Für die Verwaltung der neuen Territorien erwies sich Peters als wenig geeignet. Auf Druck Bismarcks wurde er im April 1889 aus der Deutsch-Ostafrikanischen Gesellschaft entfernt, nachdem diese durch unprofessionelle Geschäftsführung und Misswirtschaft in die Schlagzeilen geraten war. Eine indirekte Folge war, dass sich Bismarcks ursprünglich anvisiertes Kolonialsystem nach britischem Vorbild, nach dem das Reich lediglich den Schutz für privatwirtschaftliche Kolonialgesellschaften gewähren sollte, ohne Militär und Beamte in nennenswertem Umfang nach Afrika zu schicken, als unhaltbar erwies. Anstelle eines von ihm erhofften Postens an der Spitze der neu zu errichtenden Kolonialverwaltung wurde Peters 1891 nur zum Reichskommissar für das Kilimandscharogebiet (Foto) berufen. Kolonialpolitik bezeichnete er selbst treffend als „die rücksichtslose und entschlossene Bereicherung des eigenen Volkes auf anderer schwächerer Völker Unkosten“.12 Von „Humanitätsduselei“ hielt er wenig. „Leider führt mein Weg über Leichen“, gab Peters unumwunden zu und drohte: „Gnade Gott meinen Feinden, ich will sie erbarmungslos zertreten.“13


Fall und Rehabilitierung

Zum Skandal um seine Person kam es 1896, als in Deutschland aufgrund einer Intervention des Reichstagsabgeordneten und Mitgründers der SPD, August Bebel, bekannt wurde, dass Peters am Kilimandscharo eigenmächtig zwei seiner farbigen Hausangestellten durch den Strang vom Leben zum Tode befördert hatte.

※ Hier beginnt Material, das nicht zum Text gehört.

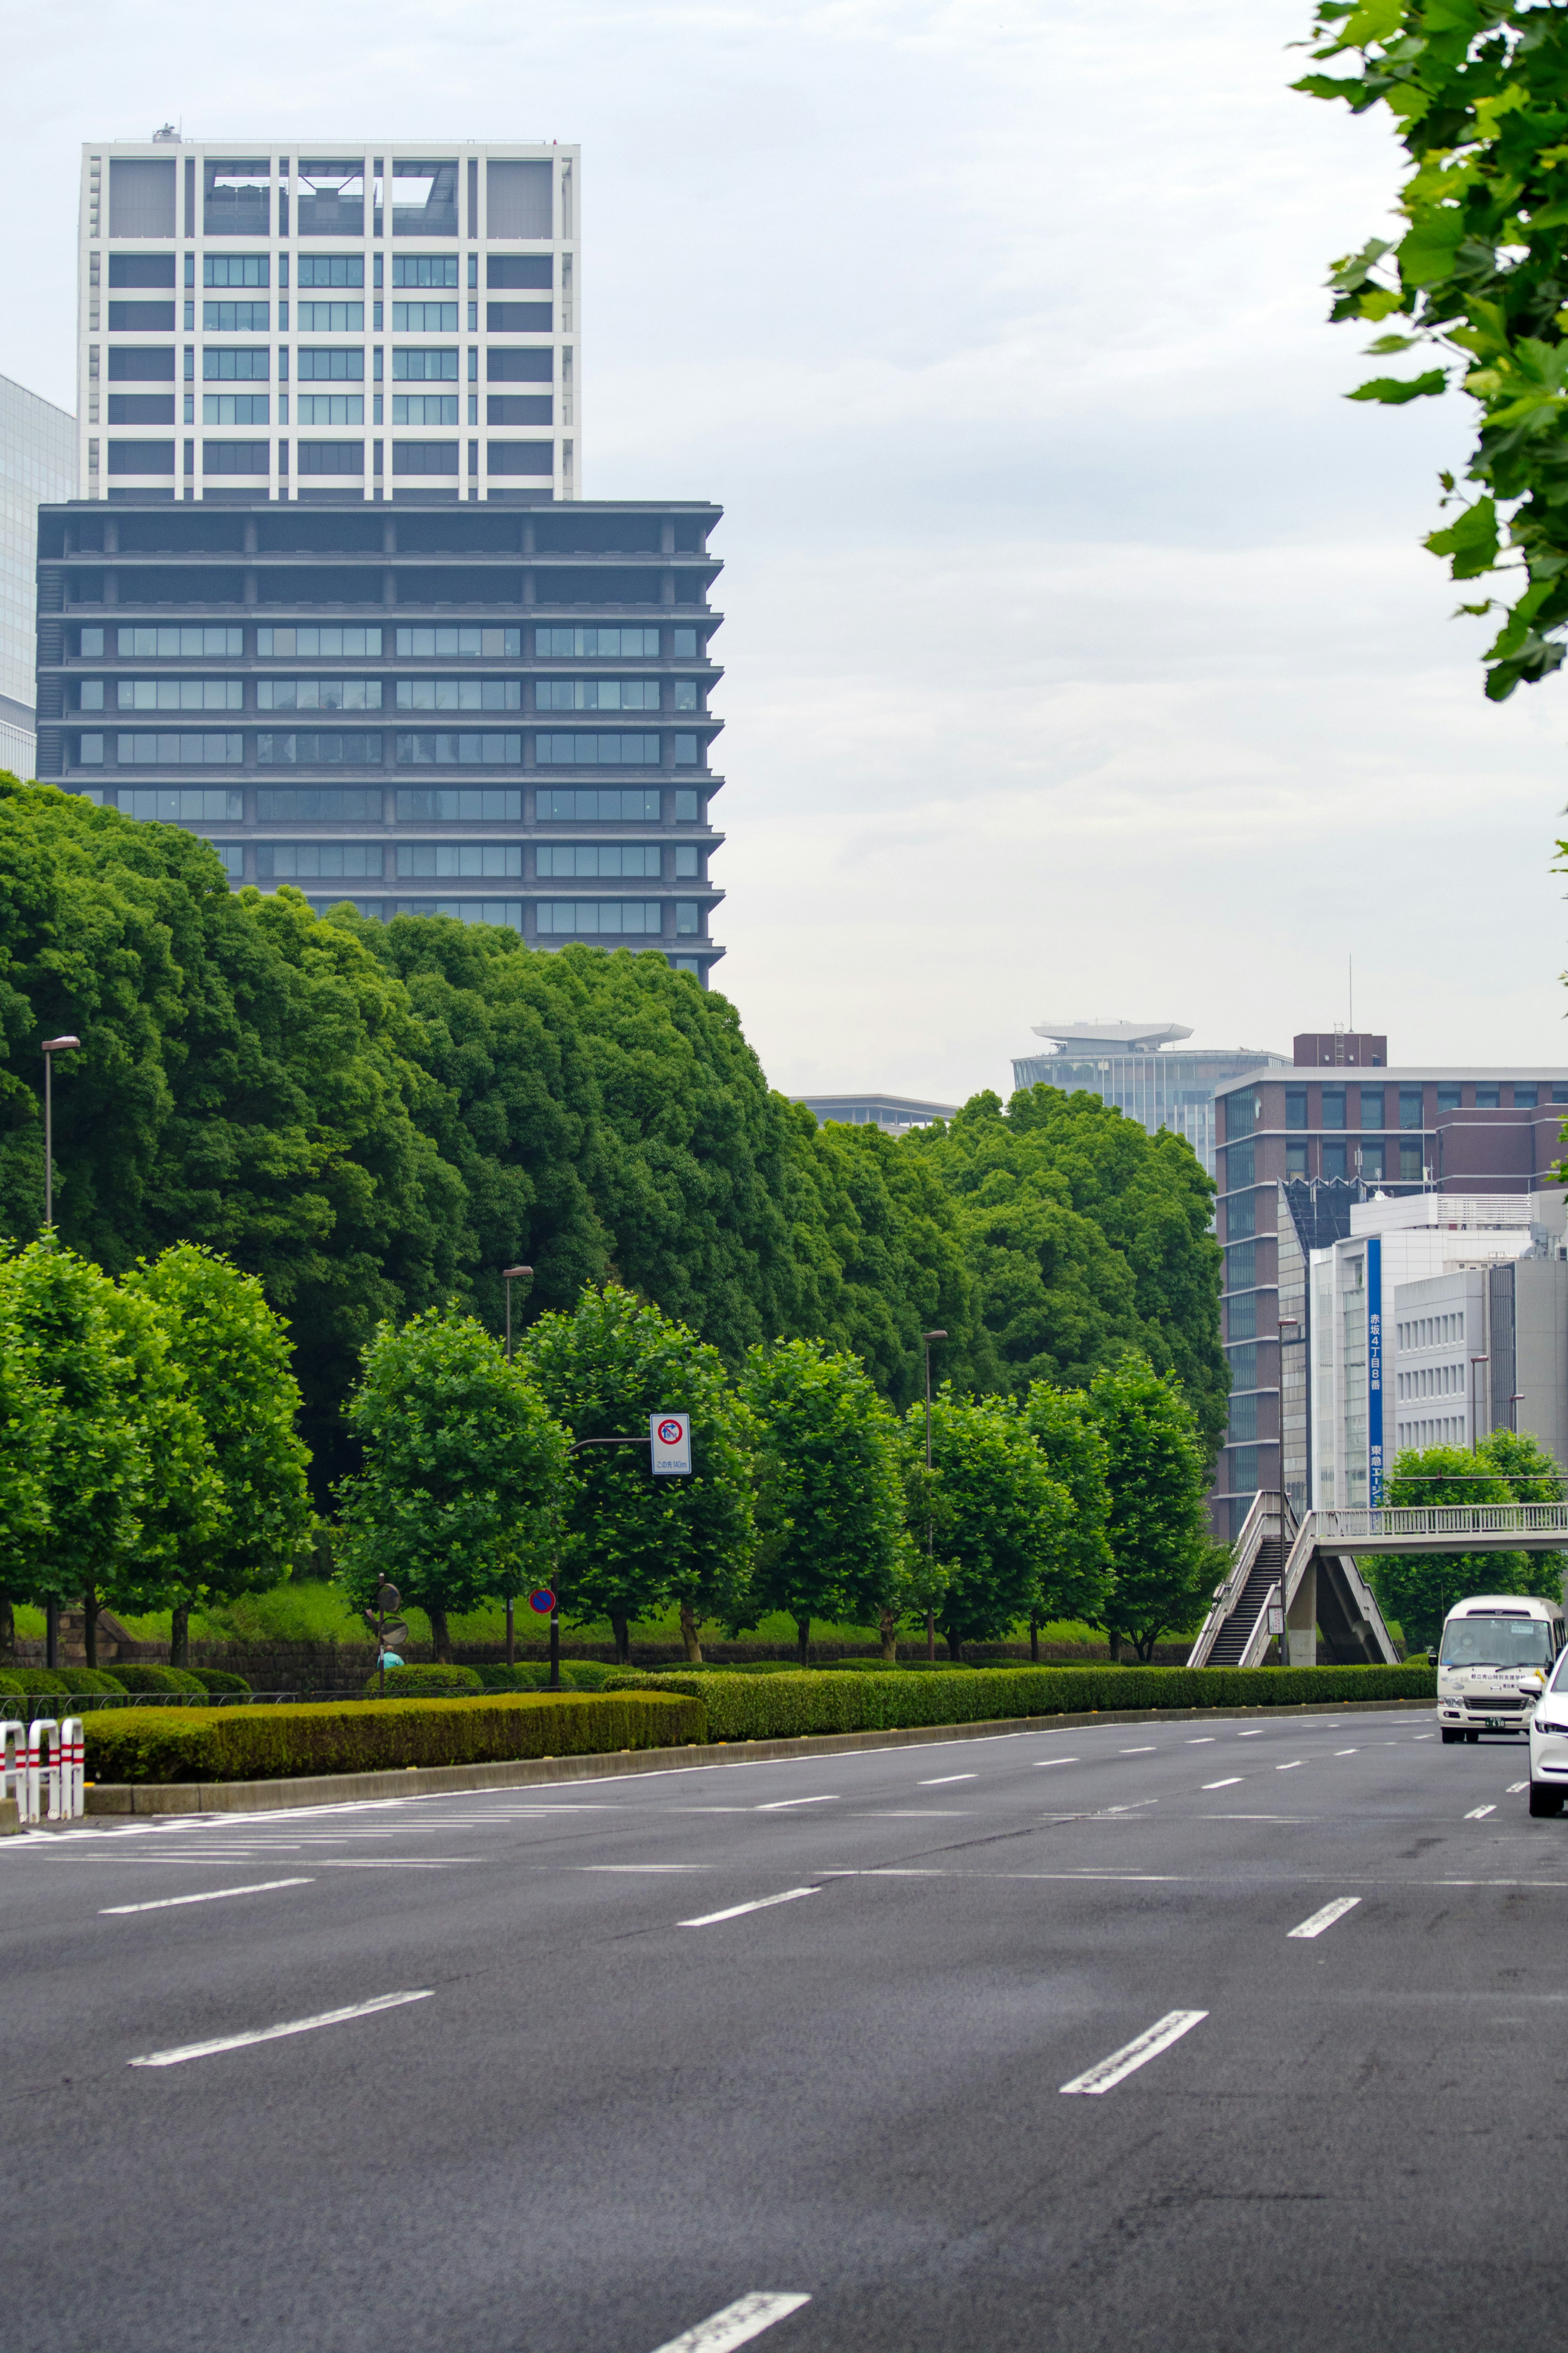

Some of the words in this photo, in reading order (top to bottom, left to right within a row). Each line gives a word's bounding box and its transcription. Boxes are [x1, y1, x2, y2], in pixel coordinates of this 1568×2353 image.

Trivialer Hintergrund: Peters war eifersüchtig auf seinen Diener Mabruk, nachdem er festgestellt hatte, dass dieser ein Verhältnis mit seiner Konkubine Jagodja hatte. Peters versuchte nun den Mord an seiner Geliebten und deren Liebhaber als Maßnahme gegen eine Konspiration und für die Aufrechterhaltung der Sicherheit der Station und der dort lebenden Deutschen zu rechtfertigen. Dies konnte aber nicht verhindern, dass er bei der Reichsleitung in Ungnade fiel. Wenngleich er strafrechtlich nie belangt wurde, verlor er doch seinen Posten in der Kolonialverwaltung durch ein Urteil des Kaiserlichen Disziplinarhofs für die Schutzgebiete. In der Öffentlichkeit war er bald unter dem Spottnamen „Hänge-Peters“ bekannt, und auch in Kolonialkreisen scheute man sich nicht, sich von einer Kolonialherrschaft im Stile Peters’ – zumindest rhetorisch – klar abzugrenzen. Dass Peters eine Ausnahmeerscheinung des deutschen Kolonialismus darstellt, lässt sich aufgrund der kolonialhistorischen Forschung eher bezweifeln. Rassistisches Denken und Handeln, Ausbeutung und willkürliche Gewaltanwendung bis hin zu eigenmächtigen Todesurteilen dürften demnach eher charakteristische Merkmale als Auswüchse kolonialer Herrschaft gewesen zu sein. Der Bekanntheitsgrad des Kolonialisten Peters, in Deutschland wahrscheinlich nur vergleichbar mit den Generalen Lothar von Trotha und Paul von Lettow-Vorbeck, ist nicht zuletzt auch eine Folge seines eigenen Drangs, sich öffentlich in Szene zu setzen.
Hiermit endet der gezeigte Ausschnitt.